Let’s go back to the three differences between Aristotelian virtues and Kekes’ personal excellences mentioned earlier:

1) The psychological impossibility of choosing otherwise.
2) The absence of reason in the choosing of personal excellences.
3) The impossibility of overvaluing personal excellences.

For any given individual, it is undoubtedly the case that all three of these may hold true and yet the life remain good. But in Aristotelian terms, this is surely because such lives are directed by others: due to weakness in their own intellects (or by force of circumstances such as lack of leisure) their good life is achieved by taking on trust the deliverances of the practical wisdom of others4 . In a self-reflective individual like More, however, the possibility of such an absence in a good life seems less convincing. More could not have chosen otherwise because he was standing for what he believed to be true against what he believed to be false: it is no more a matter of psychology than the belief in 2+2=4. (And had he changed his mind on the truth of those beliefs, he could—and should—have chosen otherwise.) As argued above, if he decided that his dominant attitude would be an unconditional commitment to his religious beliefs, that is because his religious beliefs were thought by him to be such things as demanded unconditional commitment. A similar unconditional commitment to, say, honour might be striking, but it might also be foolish (as Don Giovanni’s refusal to flee the Commendatore is striking but leads him to Hell). The possibility of overvaluing personal excellences, even dominant ones, is always there: it could quite reasonably be argued that More placed too much weight on his religious views and too little on his—in Kekes’ terms—defeasible commitments to his family. What you think of his weighting ought to depend on what you think of the truth of his religious views. And this involves the application of practical wisdom to the assessment of the goodness of his ends.

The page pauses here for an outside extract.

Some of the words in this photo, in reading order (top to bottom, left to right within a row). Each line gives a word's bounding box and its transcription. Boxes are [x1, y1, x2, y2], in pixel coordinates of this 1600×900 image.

There is much of value and interest in the book. In particular, the first section containing the discussions of concrete lives is frequently illuminating and thought provoking. Where it is particularly strong is in its depiction of lives of integration lived in the midst of chaos. And of that sort of life, Montaigne—another concrete life dealt with in the book—is a rather better example than More. For ultimately, More did not think he lived in a chaos, but in a transcendent order that was worth dying for and which would persist whatever he or anyone else did. Kekes’ vision appears to be of an order that can only exist through the imagination and will of human beings: hence his psychologism. If that vision is correct, then Kekes’ account of a good life gains plausibility. But if that vision is doubted—as it is in those traditions which acknowledge an order transcending the psychology of individuals, for example, either in the state or in God—then the ends of his good life can appear arbitrary and self-willed. For this reason, I suspect that Kekes’ aim of finding a life which can be seen as good from the viewpoint of all traditions is chimerical. The Art of Life, however, remains overall a welcome contribution to the positive trend within modern ethics to move away from abstract theorizing towards the particular and concrete.

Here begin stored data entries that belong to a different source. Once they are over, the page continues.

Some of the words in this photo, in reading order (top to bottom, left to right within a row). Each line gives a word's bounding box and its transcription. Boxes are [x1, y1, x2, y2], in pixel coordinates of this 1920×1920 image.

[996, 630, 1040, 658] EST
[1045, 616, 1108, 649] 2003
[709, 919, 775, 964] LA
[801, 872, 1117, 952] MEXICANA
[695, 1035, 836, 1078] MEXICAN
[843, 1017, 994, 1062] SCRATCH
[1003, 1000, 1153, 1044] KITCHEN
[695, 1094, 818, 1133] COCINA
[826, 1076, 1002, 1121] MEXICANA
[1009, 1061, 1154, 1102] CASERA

1. Kekes refers us to his Moral Wisdom and Good Lives, Ithaca, Cornell University Press, 1995. Whether this work does adequately supplement what is said in the present volume I shall leave for others to decide.

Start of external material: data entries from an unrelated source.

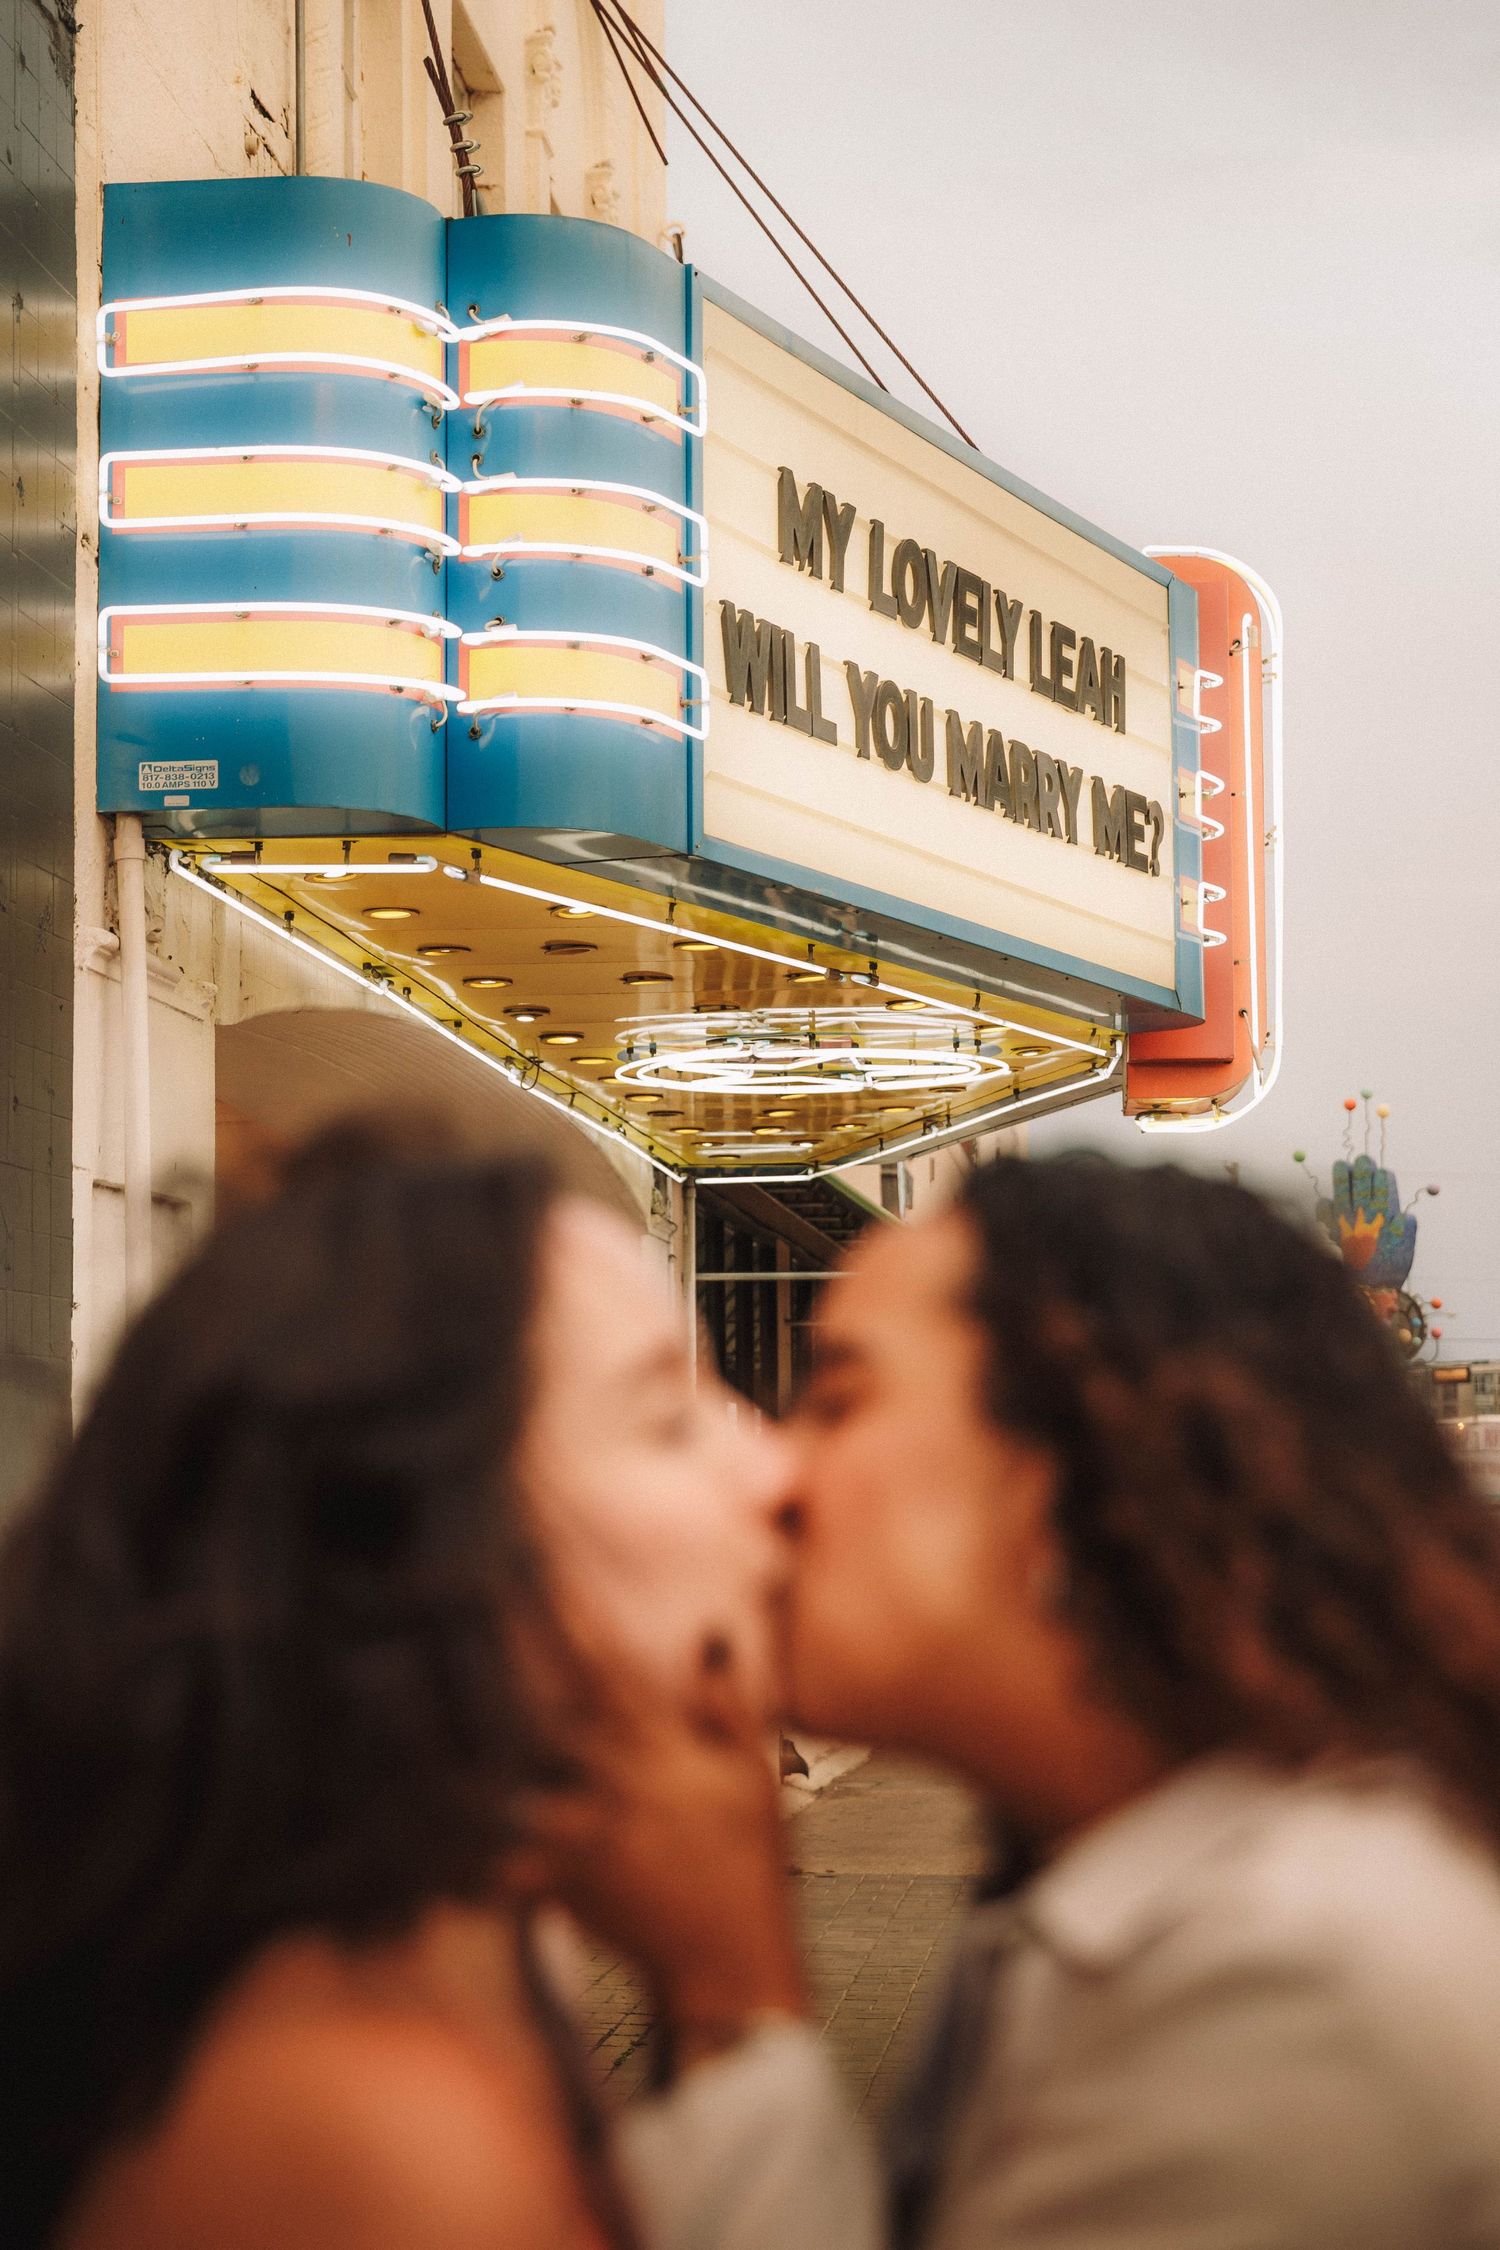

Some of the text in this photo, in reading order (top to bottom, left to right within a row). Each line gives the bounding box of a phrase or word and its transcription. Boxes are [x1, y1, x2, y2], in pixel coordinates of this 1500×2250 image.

[777, 466, 1126, 735] MY LOVELY LEAH
[719, 600, 1165, 878] WILL YOU MARRY ME?
[153, 764, 216, 773] DeltaSigns
[142, 772, 215, 781] 817-838-0213
[162, 780, 190, 788] AMPS

2. Kekes uses this phrase to characterize the possible attitude of the self-directed to the French Revolution not to that of More. However, it does seem intended to capture something essential in the dominant attitude of people, such as (in Kekes’ eyes) More, committed to the excellence of self-direction.

3. I am thinking here of the discussions in Book I of the Nicomachean Ethics which argue for eudaimonia (living well) as the target of actions, and for the inadequacy of commonly held characterizations of that target as honour, or wealth or pleasure.

4. I take this to be the kernel of philosophical truth in Aristotle’s notorious discussions of slaves and women in the Politics.